See? I’m not entirely cynical.
I’ve been trying to put together all of my thoughts and feelings since I returned from the IF Gathering this past weekend in Austin. I feel nothing short of bumbling. This gathering was more than good. It was real. It wasn’t a conference. A conference is full of business cards and networking and one-upping and panic attacks for us introverts. No, this was a gathering that truly lived up to its name – a gathering that facilitated an encounter with Jesus.
I heard about IF Gathering last year. Truthfully, I had no idea what it meant or what they were doing. I had no idea what to expect. I paid no attention to the event last year. Mainly because of the sentiments you’ve read up to this point (you know, all the cynical ones?). I follow several respectable Jesus girls that were involved and I just noticed that after it happened, everyone said it was special. I didn’t give a thought about attending this year until my friend Alison messaged me a few days before registration opened to ask me if I wanted to go.
She planted a seed. Thank you, Alison.
Every step leading me to IF, I was not leading. I was being carried. There were issues with registration and for a week I didn’t know if I was registered or not. Then my confirmation showed up in my inbox.
And I forgot about it until December. I saw the reminder on my calendar as I was planning our month. “Oh yeah, IF Gathering is happening.” At that time I was surrounded by a season of depression and I contemplated giving my ticket away because going meant I would be around people and people were really the last thing I wanted to deal with at that point.
But I held on. I wasn’t ready to let go of it yet. “I was able to get a ticket, so maybe I’m supposed to be there?” was the tiny bit of faith that was mustering in my spirit.

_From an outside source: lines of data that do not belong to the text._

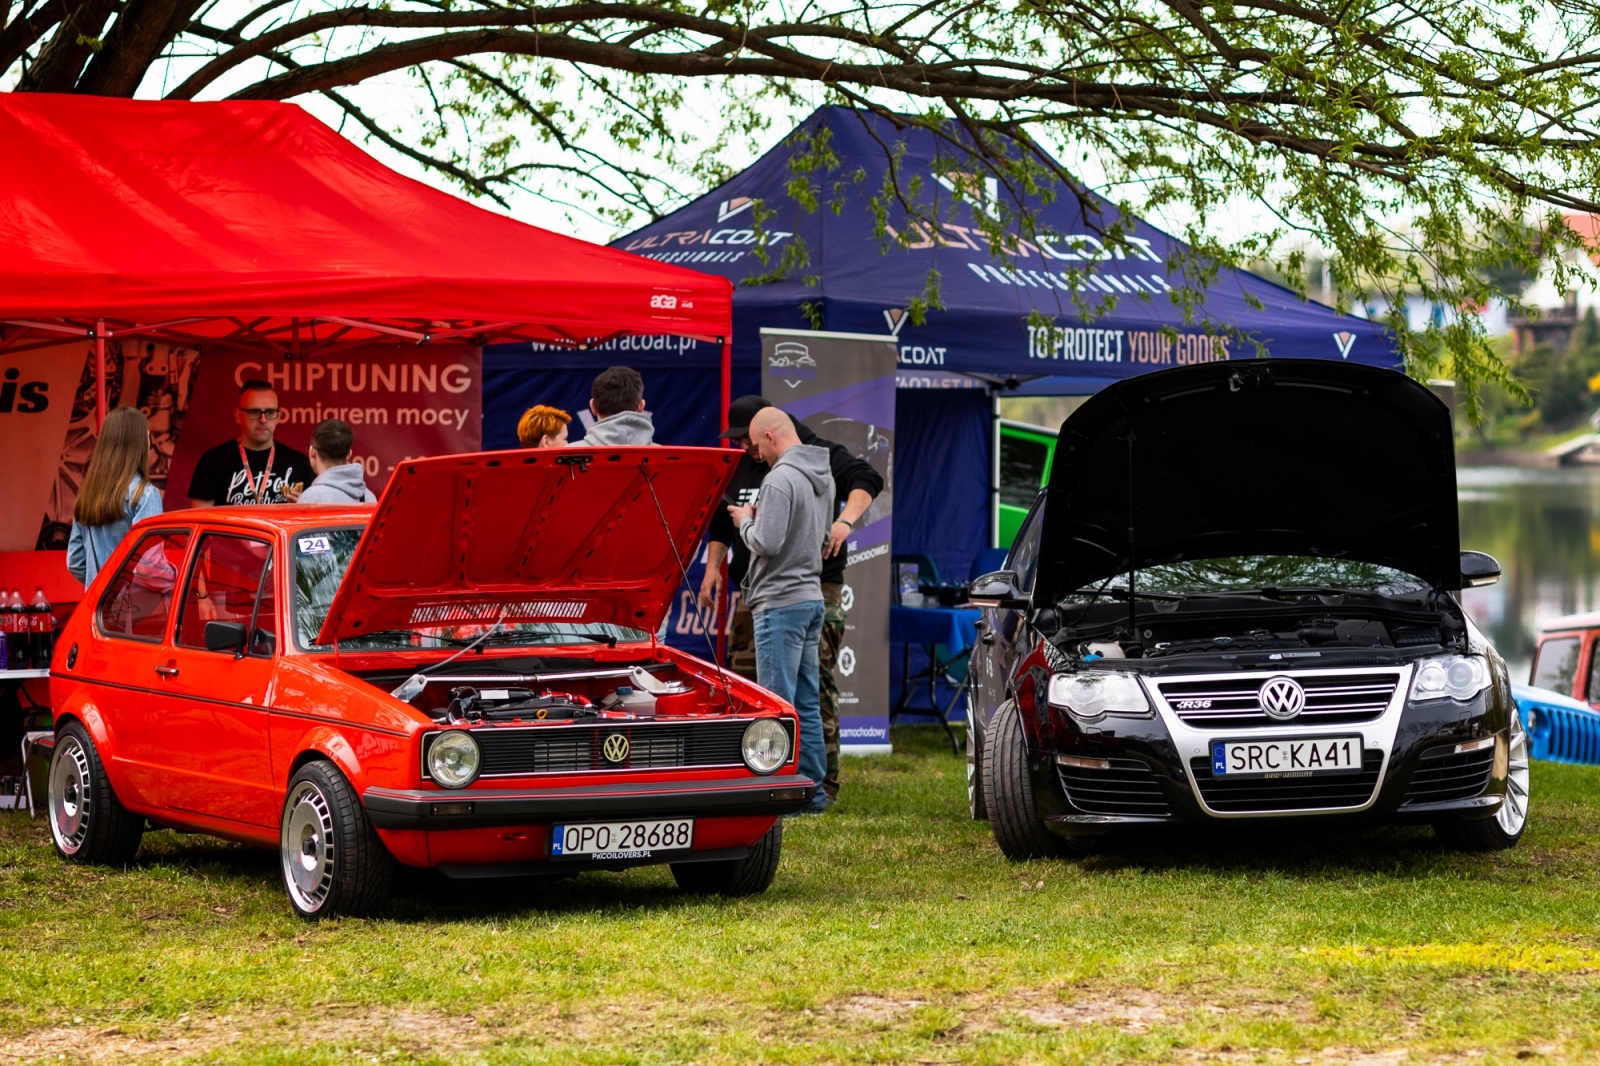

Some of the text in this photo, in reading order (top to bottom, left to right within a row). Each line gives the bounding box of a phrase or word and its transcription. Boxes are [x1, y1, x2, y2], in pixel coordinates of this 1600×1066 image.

[896, 345, 947, 366] COAT
[1027, 325, 1230, 365] TO PROTECT YOUR GOODS
[234, 361, 472, 394] CHIPTUNING
[396, 408, 470, 430] mocy
[304, 539, 325, 551] 24
[1230, 741, 1351, 770] SRC KA41
[565, 822, 689, 851] OPO 28688

And I was. I was supposed to be there. Undoubtedly. Jesus met me. Instead of loathing the previous three dark months I went through, I began to embraced them. I became thankful for them. Because those months led me to a place where I had no choice but to be still and allow myself to be spoken to. My heart was penetrable. Exhaustion had overtaken my body, my heart, my spirit. Like running a marathon and collapsing because I can’t run any more.

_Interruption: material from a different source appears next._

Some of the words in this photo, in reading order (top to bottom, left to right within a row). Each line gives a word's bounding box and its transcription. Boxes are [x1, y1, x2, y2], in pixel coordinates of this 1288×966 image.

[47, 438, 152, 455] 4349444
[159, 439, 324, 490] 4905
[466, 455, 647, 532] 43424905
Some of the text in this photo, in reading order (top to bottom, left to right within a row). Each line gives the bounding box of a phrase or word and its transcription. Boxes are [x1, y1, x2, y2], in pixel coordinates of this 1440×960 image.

Then Jesus says, “Are you good now? You’ve run what you can on your own. Want me to take over? Yes? Okay. Here we go.” Sitting in my seat at Austin City Limits as the Gathering began I whispered in my heart, “Whatever you have Jesus. I’m tired of the walls. I don’t want fake church-y fads. I don’t want fake feel-good gospel. I want you.” And he scoops me up and leads me down a quiet path for me to hear his whispers in my ear as he carries me to where I need to go.

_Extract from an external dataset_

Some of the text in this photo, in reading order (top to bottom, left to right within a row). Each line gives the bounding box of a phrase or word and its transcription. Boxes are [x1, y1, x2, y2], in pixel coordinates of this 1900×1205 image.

And he was there. He met me. IF Gathering facilitated our rendezvous. He reminded me that my life has value. That my (our) story is important for people to hear. That instead of desiring the results of my work, I should desire doing the actual work. Conviction much? Oh yeah. But the kind that settles in like a good burn. One you’re grateful for.
There were no super-star speakers lining up to sign autographs. It was a humble gathering. IF reminded us that life takes faith and that faith is a journey, not a destination. That questioning our faith doesn’t make us less faithful. It reminded us that God is good even when this life isn’t easy. It didn’t leave you with a camp high. It gave you practical wisdom for every day gospel living – whether you’re raiding brothels to intervene in sex trafficking or staying home changing poop diapers. It reminded us to embraced the messy because that’s where Jesus meets you. And my favorite part – they talked about the dirty meat of life – depression, racial reconciliation, loss. It didn’t tip-toe past the hard parts in order to get to the feel-good parts. It encouraged us to seek Jesus in all things, even the things that are hard to talk about, and encouraged us to talk about them cozied up with a cup of Grace.
IF Gathering was what my soul needed in this season. I’m so thankful that I had the opportunity to go. Thank you Jesus for meeting me there. Let’s keep gathering.